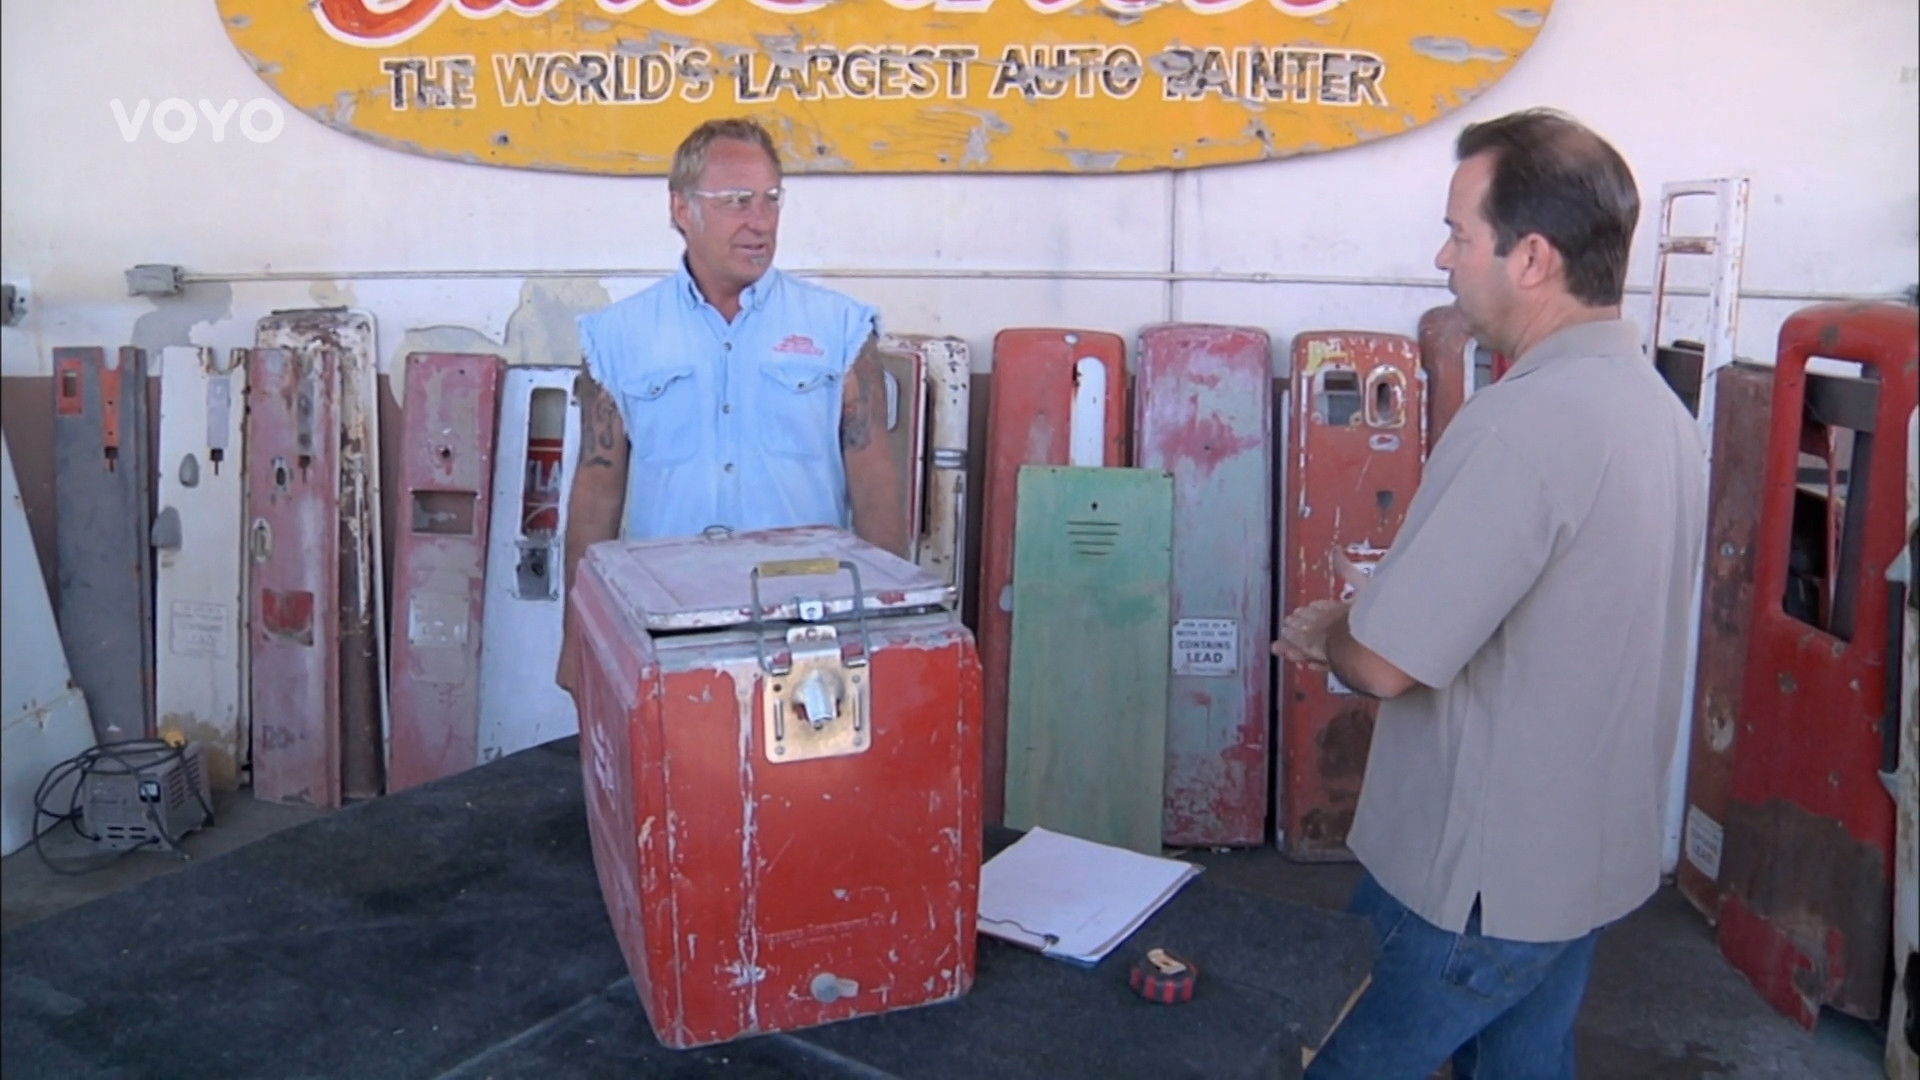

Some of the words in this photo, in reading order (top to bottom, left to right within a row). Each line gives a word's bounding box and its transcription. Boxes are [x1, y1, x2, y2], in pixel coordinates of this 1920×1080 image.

[381, 55, 477, 110] THE
[492, 45, 714, 105] WORLD'S
[735, 45, 979, 103] LARGEST
[988, 44, 1144, 101] AUTO
[1186, 652, 1223, 663] LEAD
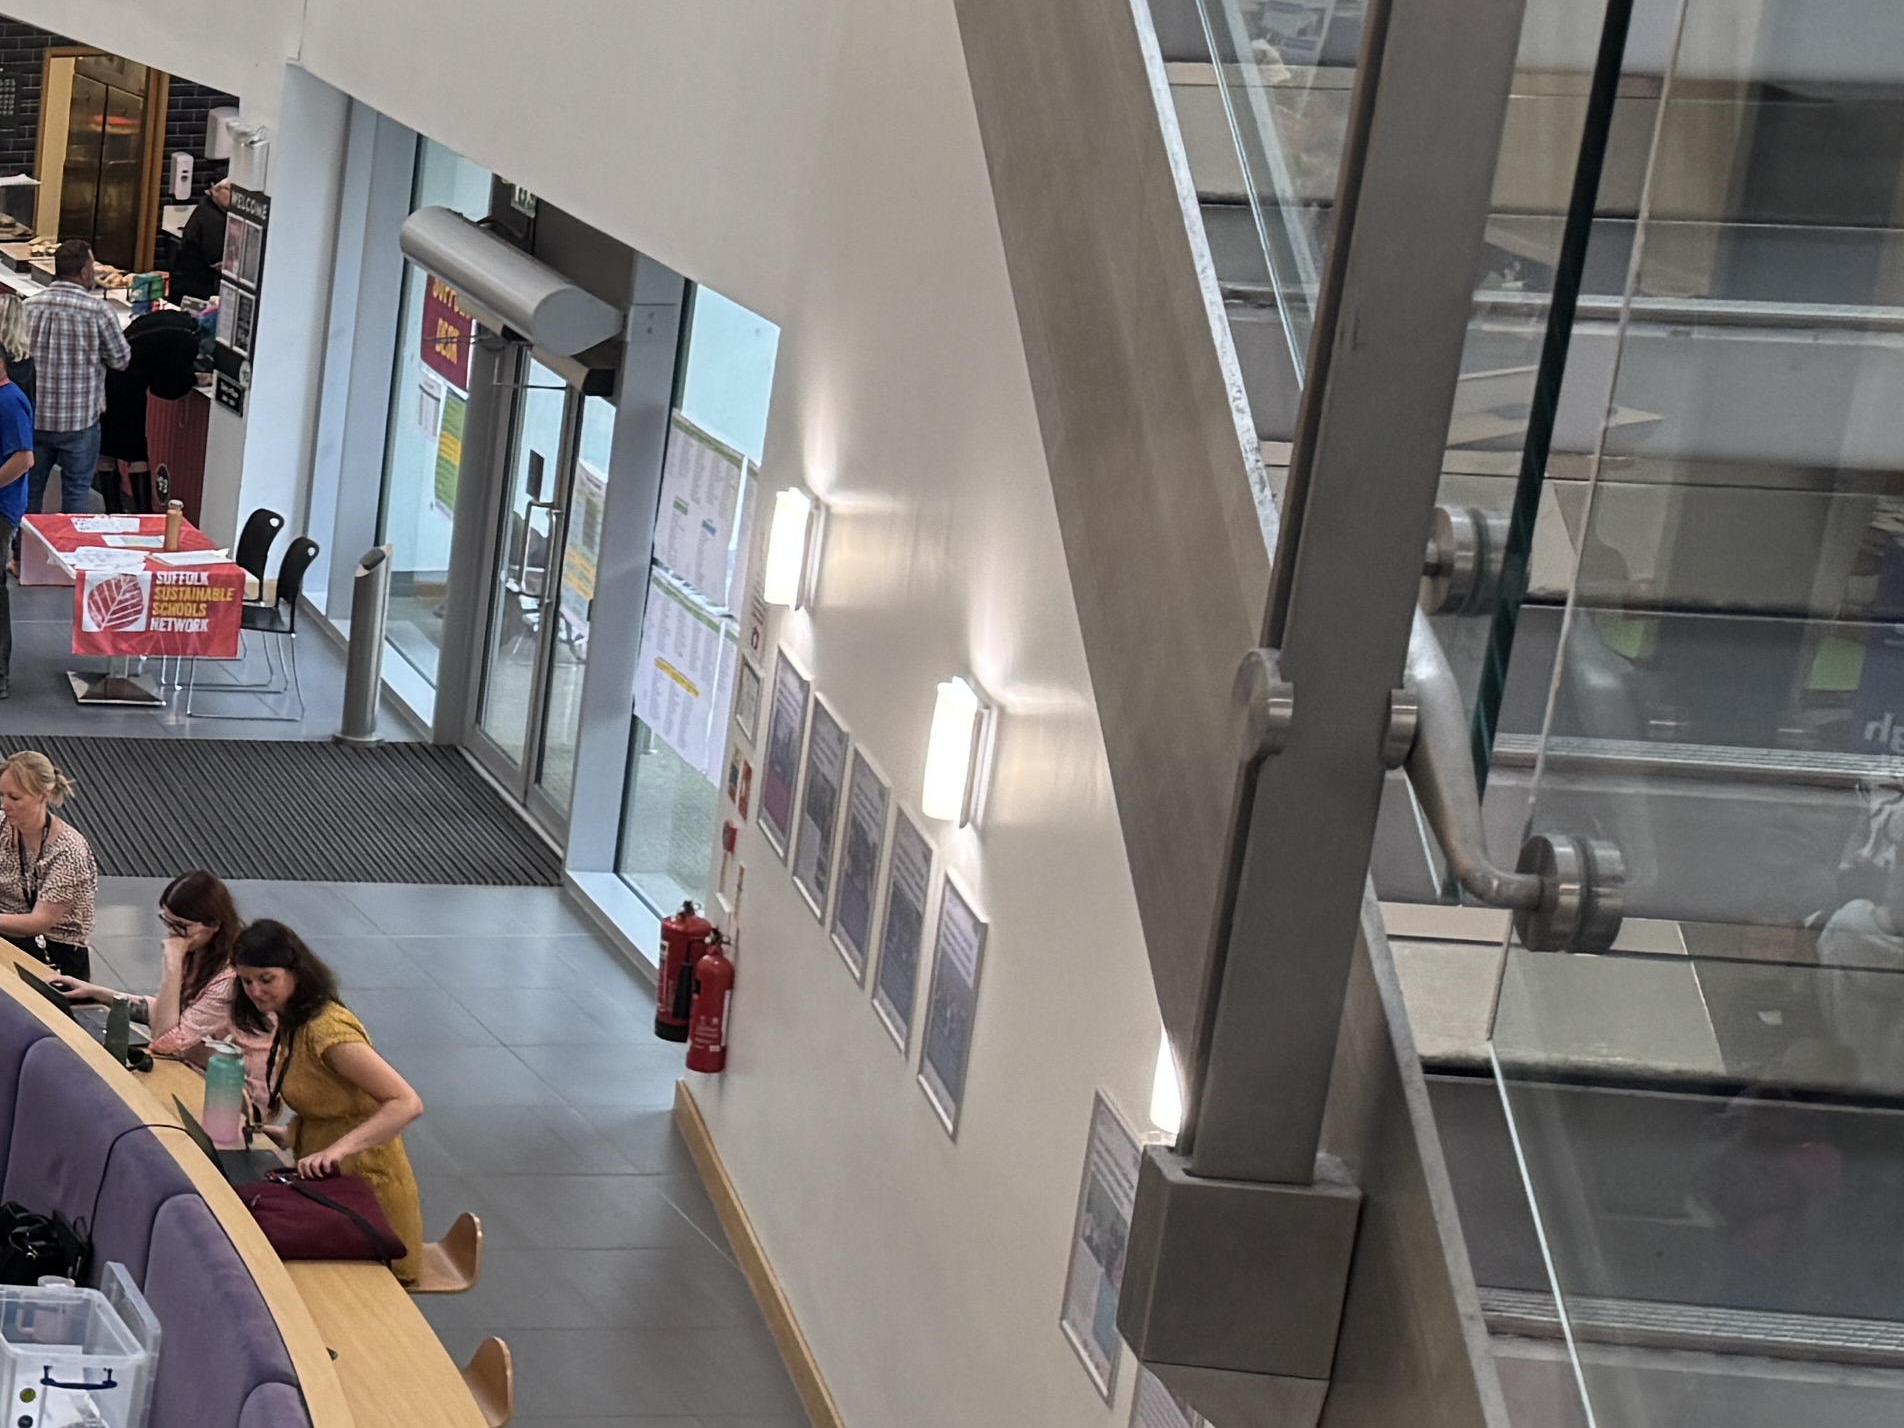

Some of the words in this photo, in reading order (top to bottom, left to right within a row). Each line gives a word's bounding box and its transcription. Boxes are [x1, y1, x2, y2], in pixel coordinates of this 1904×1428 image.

WHAT IS NEEDED: Produce an exact copy of each line of data, skipping embedded images.

EXPECTED ANSWER:
Some of the words in this photo, in reading order (top to bottom, left to right within a row). Each line gives a word's bounding box and its transcription. Boxes are [x1, y1, x2, y2], in pixel coordinates of this 1920×1080 image.

[381, 55, 477, 110] THE
[492, 45, 714, 105] WORLD'S
[735, 45, 979, 103] LARGEST
[988, 44, 1144, 101] AUTO
[1186, 652, 1223, 663] LEAD

Some of the words in this photo, in reading order (top to bottom, left to right within a row). Each line gives a word's bounding box and its transcription. Boxes are [x1, y1, x2, y2], in pixel coordinates of this 1904×1428 image.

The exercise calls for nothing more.